Incoerência Parental e Comportamentos Desafiantes: O Preço da Inconstância nos Limites
- Viviana Marinho

- 20 de out.
- 3 min de leitura
A família é o primeiro grande laboratório de aprendizagem da criança. É em casa que os limites, as regras sociais e a capacidade de autorregulação são construídos. No entanto, se este laboratório não tiver regras claras e consistentes, o resultado é, muitas vezes, a manifestação de comportamentos desafiantes por parte da criança. A incoerência parental surge, assim, como um dos maiores fatores de risco para a emergência e manutenção destes comportamentos.
O que é a Incoerência Parental?
A incoerência parental ocorre quando há uma falta de consistência na aplicação das regras e das consequências. Não se trata apenas de os pais discordarem ocasionalmente, mas sim de uma inconstância crónica que pode manifestar-se de várias formas:
1. Incoerência Temporal (Mudar de Ideia): Quando uma regra é aplicada num dia ("Não podes ver televisão antes de fazer os trabalhos") e, no dia seguinte, é ignorada ou alterada ("Hoje podes ver, mas só por um bocadinho").
2. Incoerência Inter-parental (Regras Diferentes): Quando um dos pais diz "Não" e o outro, em seguida, diz "Sim" à mesma situação, ou quando cada um tem um conjunto de regras diferentes.

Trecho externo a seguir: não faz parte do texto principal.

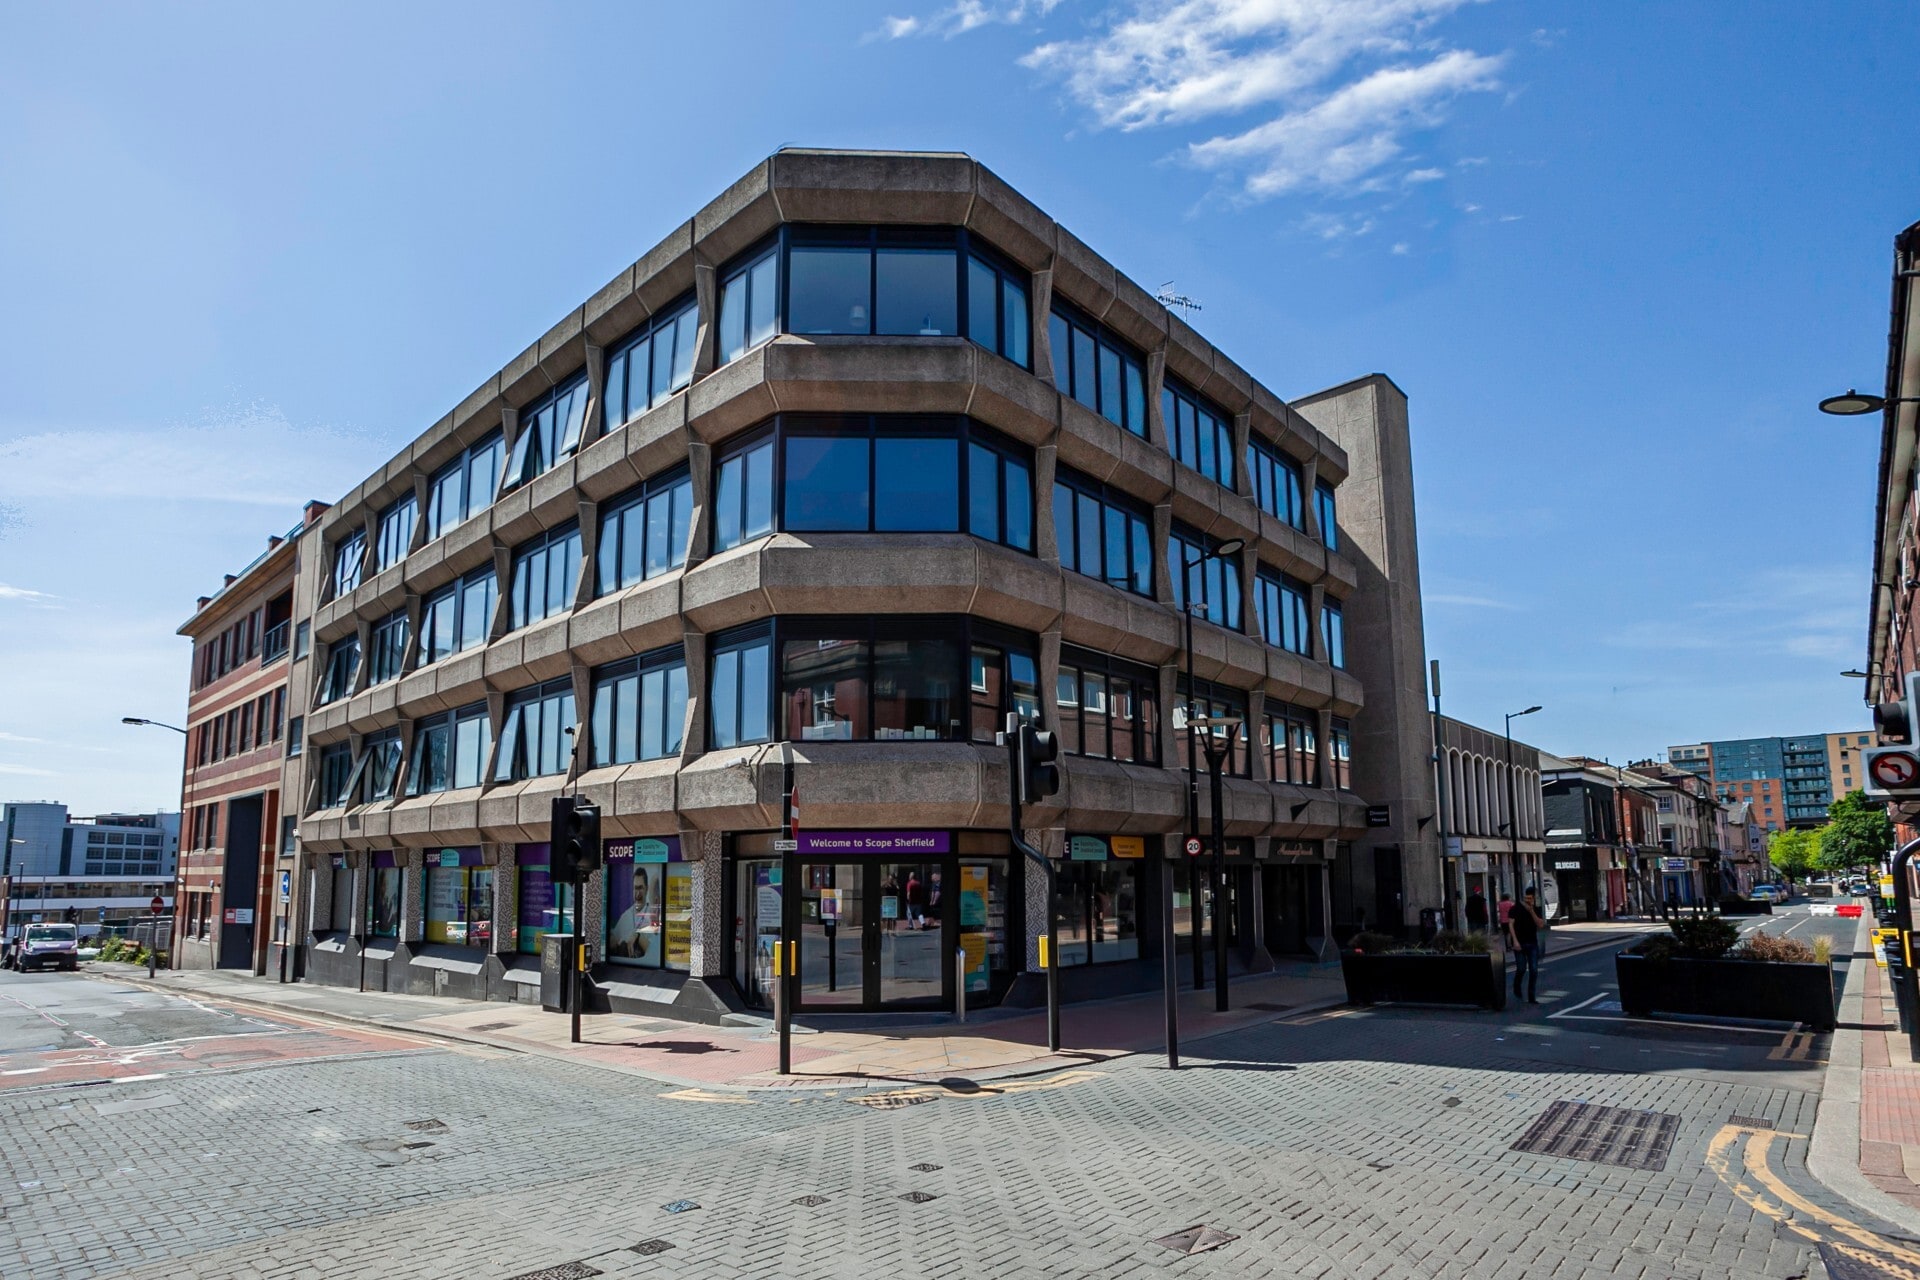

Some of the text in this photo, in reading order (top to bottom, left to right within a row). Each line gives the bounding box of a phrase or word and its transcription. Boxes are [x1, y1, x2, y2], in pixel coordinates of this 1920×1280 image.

[810, 838, 935, 849] Welcome to Scope Sheffield
[609, 845, 634, 858] SCOPE
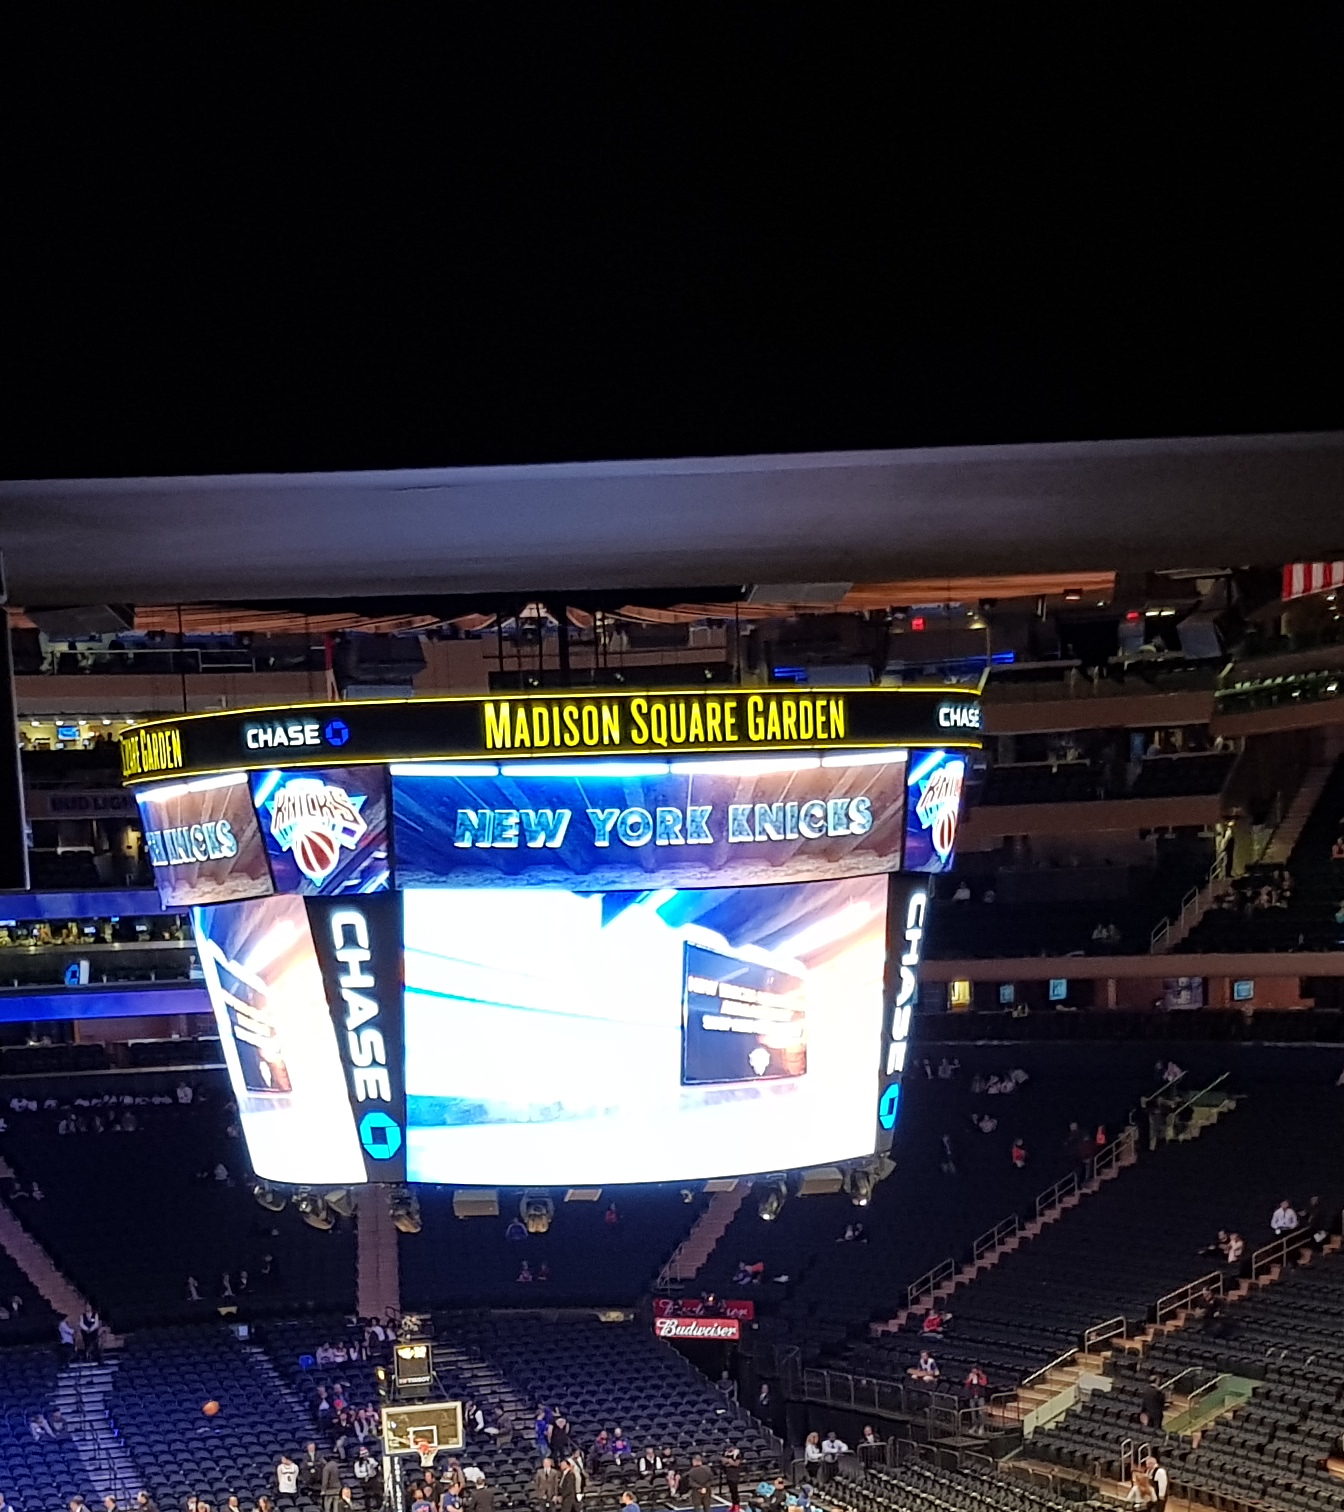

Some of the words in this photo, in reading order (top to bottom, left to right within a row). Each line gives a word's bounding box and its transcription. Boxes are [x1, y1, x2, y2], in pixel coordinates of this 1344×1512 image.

[246, 724, 321, 749] CHASE
[484, 701, 621, 749] MADISON
[630, 698, 739, 747] SQUARE
[747, 695, 846, 742] GARDEN
[939, 706, 980, 728] CHASE
[140, 729, 183, 772] GARDEN
[272, 788, 366, 829] KNICKS
[454, 808, 571, 848] NEW
[585, 805, 715, 847] YORK
[728, 797, 873, 843] KNICKS
[163, 820, 237, 865] KNICKS
[886, 893, 927, 1075] CHASE
[331, 911, 392, 1103] CHASE
[656, 1318, 736, 1336] Budweiser

3. Incoerência por Exaustão (Ceder ao Desafio): Ocorre quando o adulto, perante a birra ou o protesto da criança, cede a um "não" inicial apenas para evitar o conflito ou porque está cansado.

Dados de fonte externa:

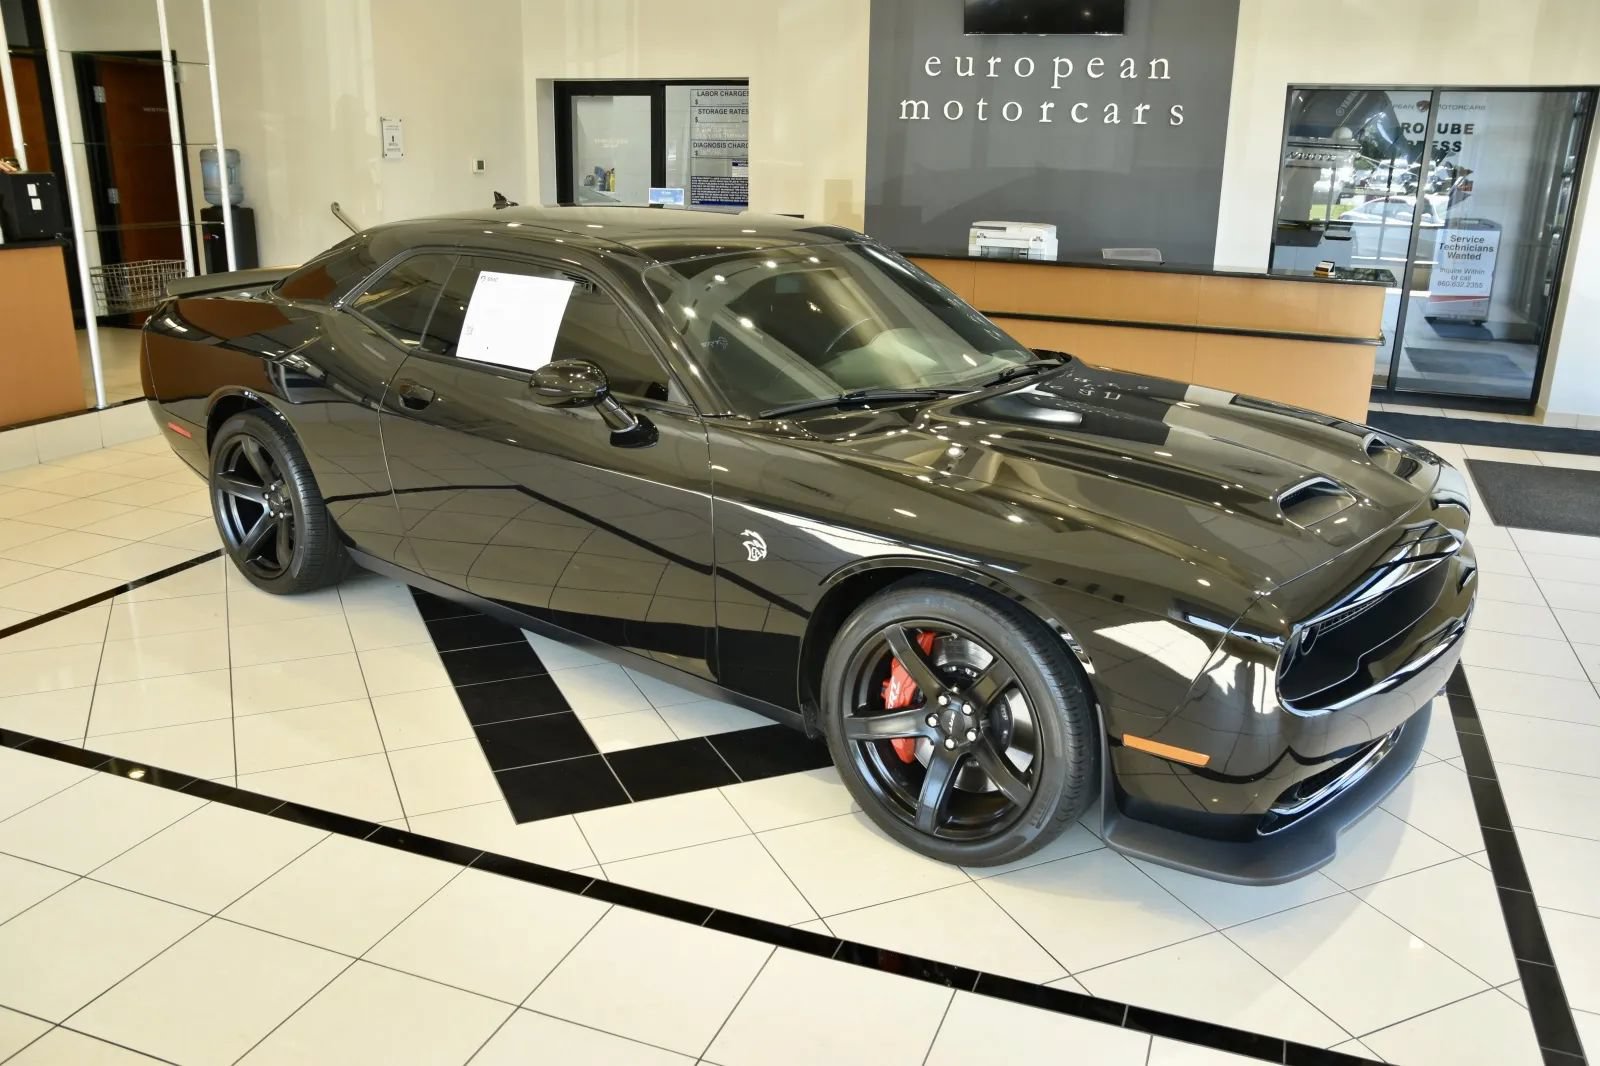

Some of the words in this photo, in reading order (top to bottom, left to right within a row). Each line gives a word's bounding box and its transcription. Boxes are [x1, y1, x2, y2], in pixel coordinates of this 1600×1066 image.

[924, 54, 1172, 89] european
[898, 97, 1185, 126] motorcars
[1450, 234, 1485, 243] Service
[1439, 242, 1494, 253] Technicians
[1447, 251, 1482, 260] Wanted
[1464, 267, 1485, 275] Within

O Impacto na Mente Infantil: Falta de Previsibilidade
A criança pequena não tem a capacidade de processar a lógica da inconstância. Em vez disso, ela tira uma conclusão muito simples, mas poderosa: "A regra não é uma regra. A regra é uma negociação."
Quando o ambiente familiar não é previsível, a criança sente uma profunda insegurança. Ela não sabe o que esperar e, por isso, não desenvolve uma base sólida de confiança no sistema de regras.
1. Confusão e Ansiedade: A falta de limites consistentes gera confusão sobre o que é aceitável. Esta incerteza traduz-se em ansiedade, que, por sua vez, pode levar a uma maior impulsividade e dificuldade em regular as emoções.
2. Aprender a Testar o Limite: A criança, de forma instintiva, aprende que a única maneira de descobrir qual é o verdadeiro limite é testá-lo repetidamente e com maior intensidade. O comportamento desafiante (birras mais longas, gritos, recusa) é a ferramenta que a criança usa para procurar o ponto de rutura, ou seja, o momento em que o adulto vai ceder.
3. Dificuldade de Autorregulação: Se a criança nunca é obrigada a lidar com a frustração de um "não" firme e consistente, ela nunca desenvolve as competências necessárias para se autorregular. Aprende que o seu comportamento é a forma mais rápida de mudar o ambiente a seu favor.
Da Incoerência ao Comportamento Desafiante
A incoerência parental cria um ciclo vicioso:
1. O adulto impõe um limite de forma hesitante ou por pouco tempo.
2. A criança desafia com um comportamento intenso (birra).
3. O adulto cede para que a birra termine (reforço negativo para o adulto, reforço positivo para a criança).
4. A criança aprende que o comportamento desafiante funciona e repete-o da próxima vez com maior intensidade.
Estratégias de Consistência para a Paz Familiar
A boa notícia é que a consistência é uma competência que pode ser aprendida. Para reverter este ciclo, os pais devem:
Comunicação Conjunta: Os pais devem sentar-se e estabelecer uma lista de cinco regras cruciais e as suas consequências. Estas regras têm de ser aplicadas por ambos, da mesma forma e no mesmo momento.
Limites com Afeto: Dizer "Não" com firmeza não significa fazê-lo com raiva. É possível validar a emoção da criança ("Eu percebo que estejas zangado por não poderes comer doces agora"), mas manter o limite ("Mas a regra é que os doces só se comem à sobremesa").
O Poder do "Sim Sim, Não Não": Uma vez que o limite é estabelecido, ele não pode ser negociado. A melhor resposta ao desafio deve ser silenciosa (sem alimentar a discussão) e firme, com a aplicação imediata da consequência.
Ao fornecer um ambiente seguro, previsível e consistente, os pais não estão apenas a reduzir comportamentos desafiantes, estão a conceder à criança as ferramentas essenciais para a sua autonomia, resiliência e sucesso social. O limite consistente é o maior ato de amor e segurança que pode oferecer.